Available data below:
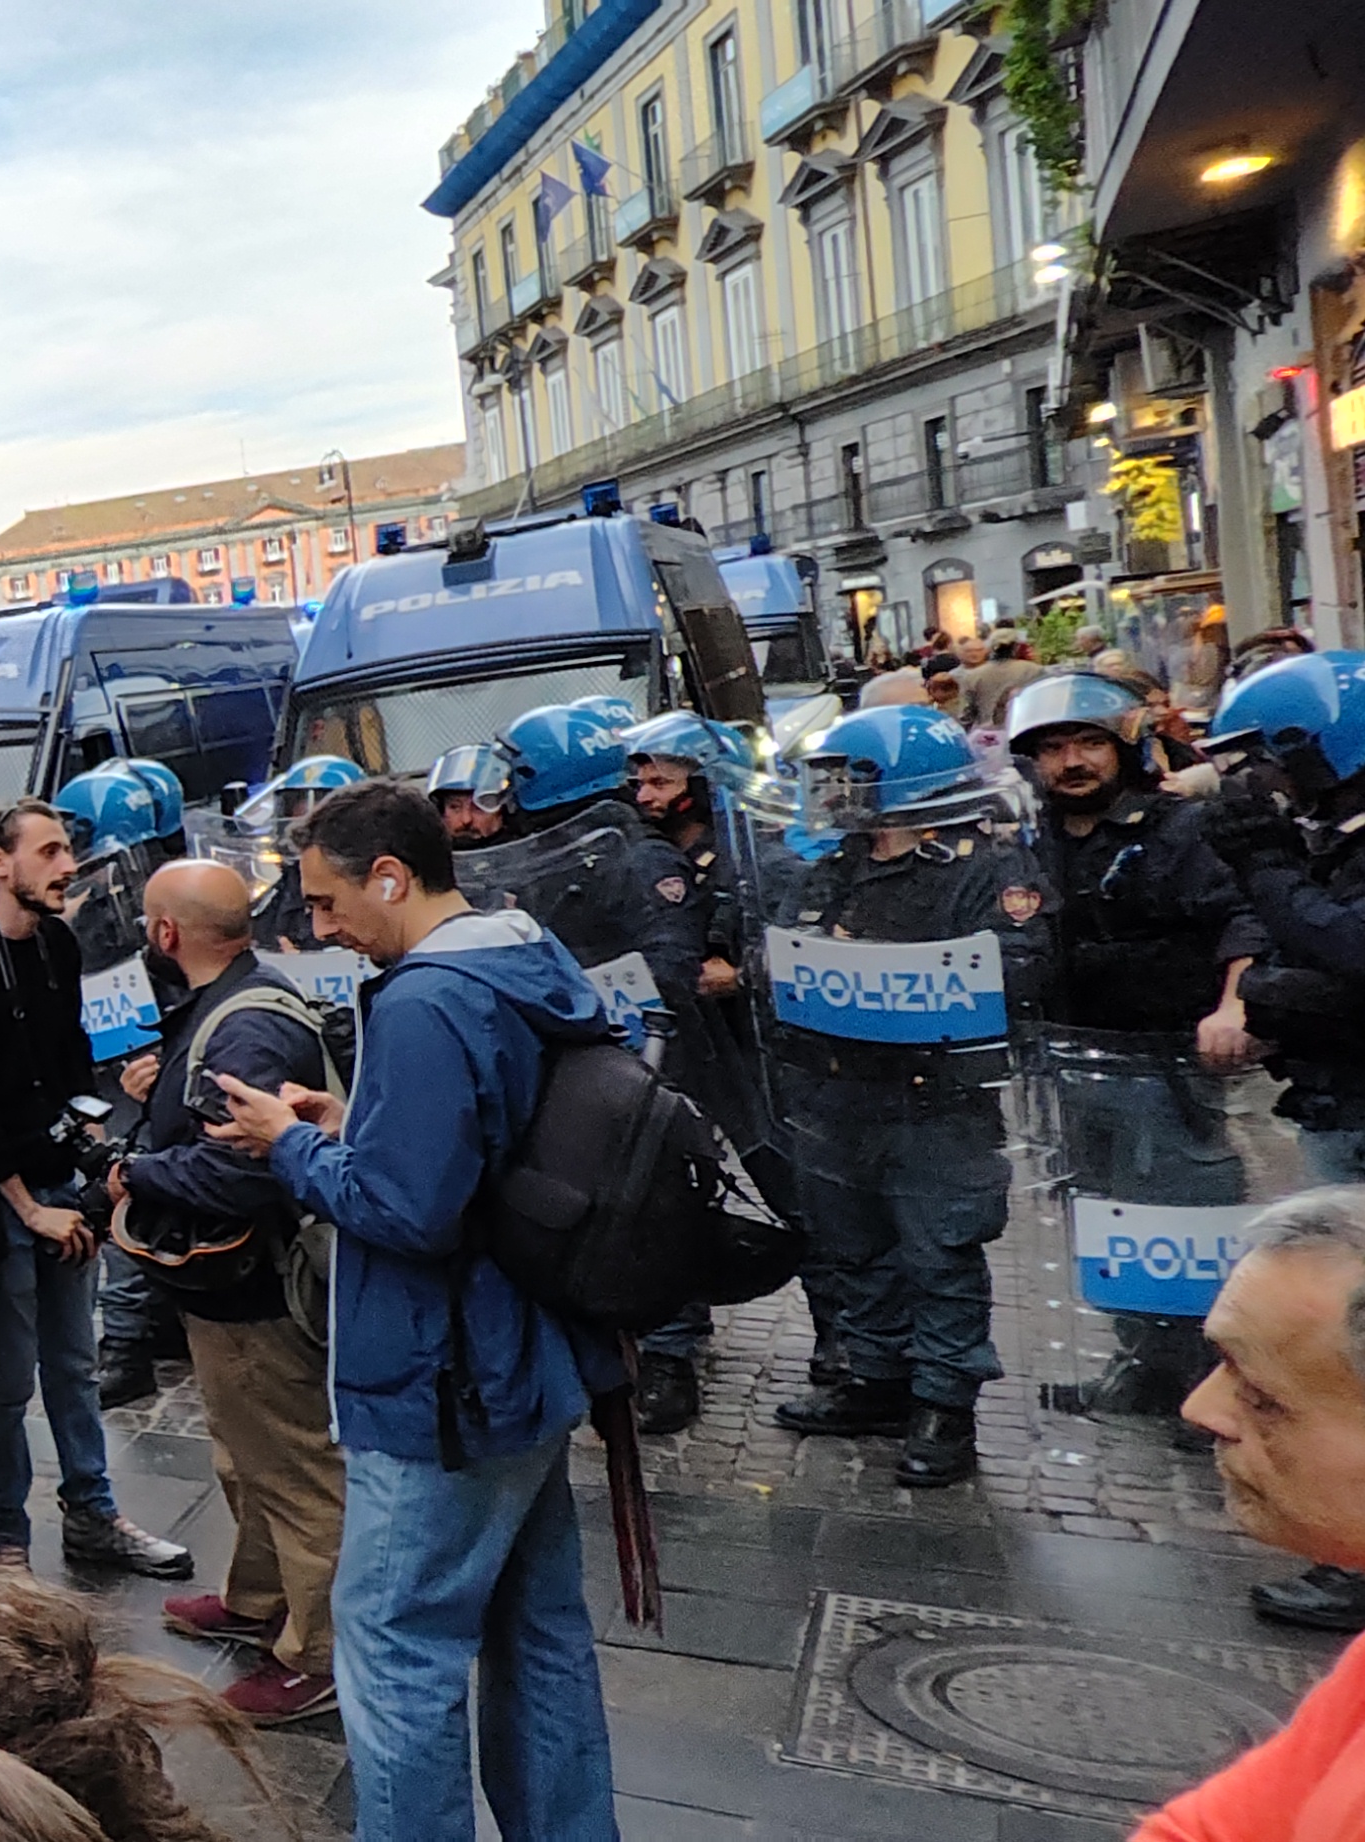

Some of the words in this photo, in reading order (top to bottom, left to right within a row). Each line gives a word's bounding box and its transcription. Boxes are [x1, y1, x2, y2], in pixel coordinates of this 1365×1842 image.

[360, 569, 583, 622] POLIZIA
[793, 964, 977, 1012] POLIZIA
[1107, 1236, 1251, 1281] POLI
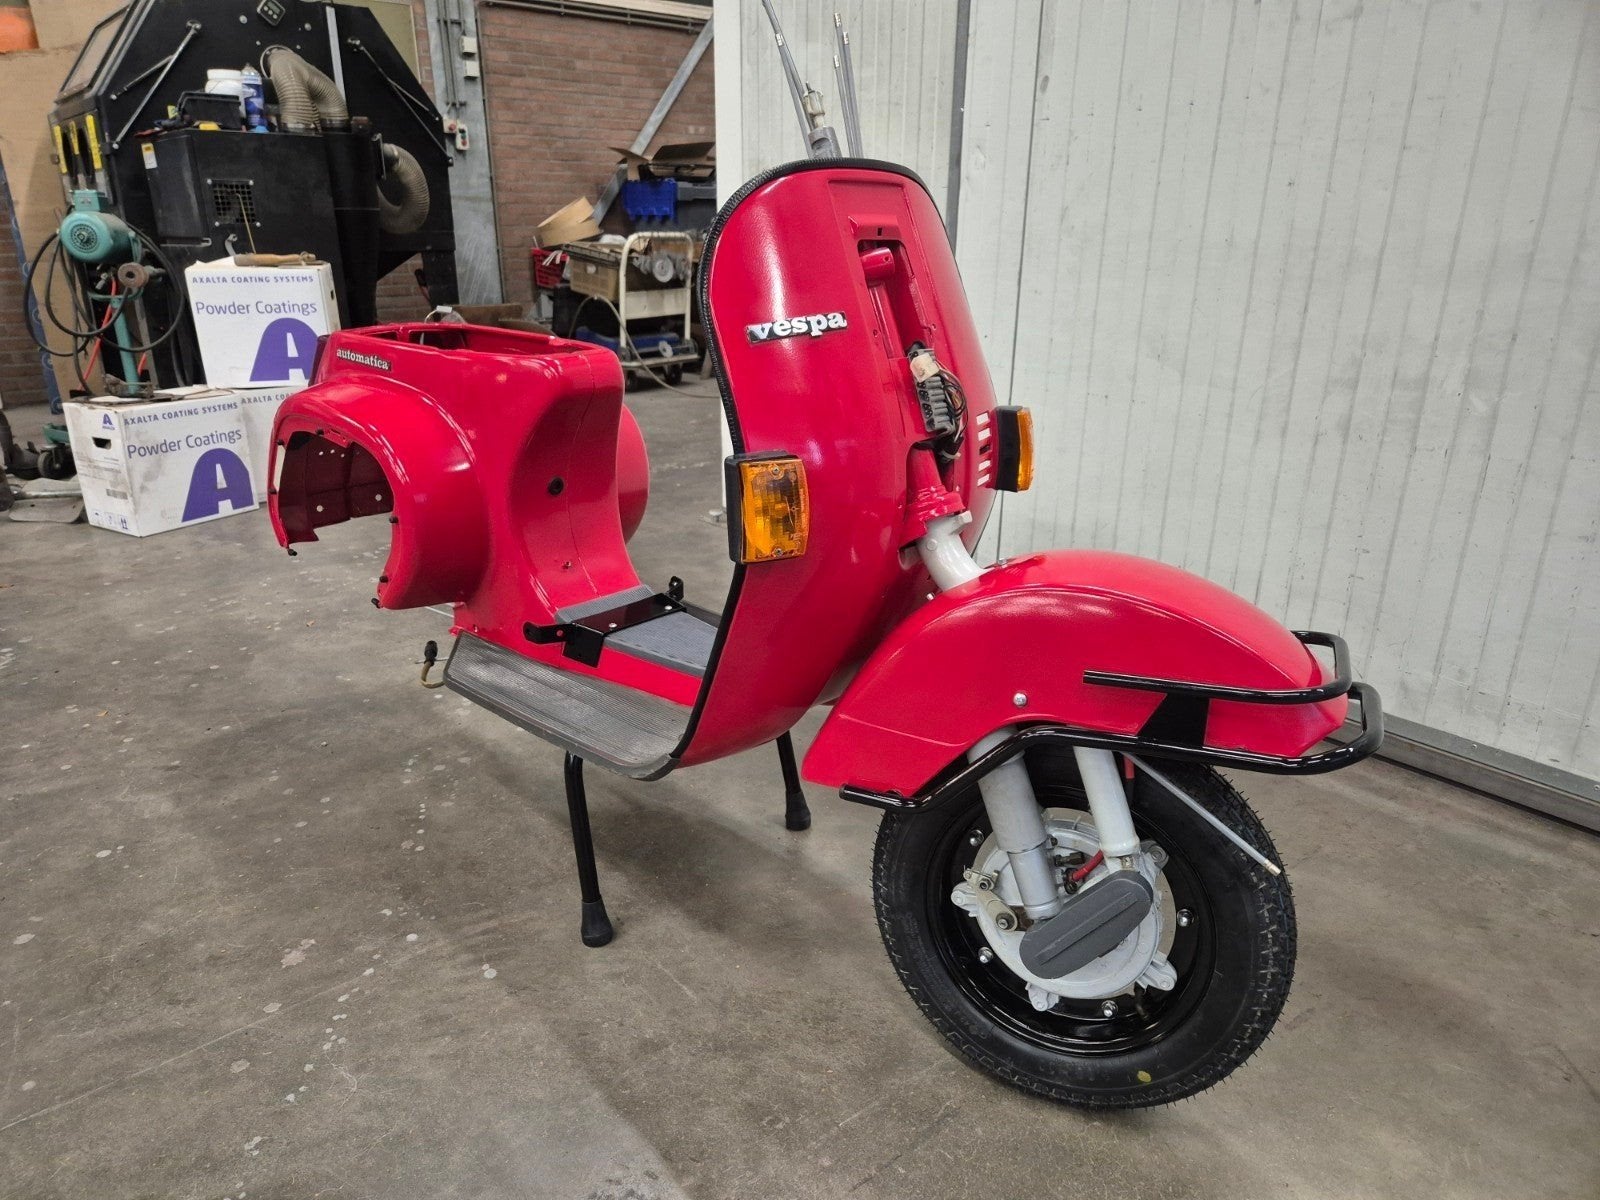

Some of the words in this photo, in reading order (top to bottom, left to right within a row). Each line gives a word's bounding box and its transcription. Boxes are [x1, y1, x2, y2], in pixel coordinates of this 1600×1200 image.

[196, 301, 251, 314] Powder
[256, 300, 317, 316] Coatings
[747, 312, 848, 340] vespa
[250, 318, 318, 381] A
[336, 348, 389, 370] automatica
[241, 395, 272, 404] AXALTA
[124, 414, 159, 426] AXALTA
[162, 409, 199, 419] COATING
[202, 402, 238, 414] SYSTEMS
[128, 440, 182, 458] Powder
[186, 428, 242, 448] Coatings
[182, 448, 254, 522] A
End of Available data.
Copy every record above exactly, leaving out the pictures.

== Response to the task ==
Some of the words in this photo, in reading order (top to bottom, left to right within a row). Each line gives a word's bounding box and its transcription. Boxes are [x1, y1, x2, y2], in pixel coordinates of this 1365×1842 image.

[360, 569, 583, 622] POLIZIA
[793, 964, 977, 1012] POLIZIA
[1107, 1236, 1251, 1281] POLI

Some of the words in this photo, in reading order (top to bottom, left to right within a row). Each line gives a word's bounding box and its transcription. Boxes are [x1, y1, x2, y2], in pixel coordinates of this 1600×1200 image.

[196, 301, 251, 314] Powder
[256, 300, 317, 316] Coatings
[747, 312, 848, 340] vespa
[250, 318, 318, 381] A
[336, 348, 389, 370] automatica
[241, 395, 272, 404] AXALTA
[124, 414, 159, 426] AXALTA
[162, 409, 199, 419] COATING
[202, 402, 238, 414] SYSTEMS
[128, 440, 182, 458] Powder
[186, 428, 242, 448] Coatings
[182, 448, 254, 522] A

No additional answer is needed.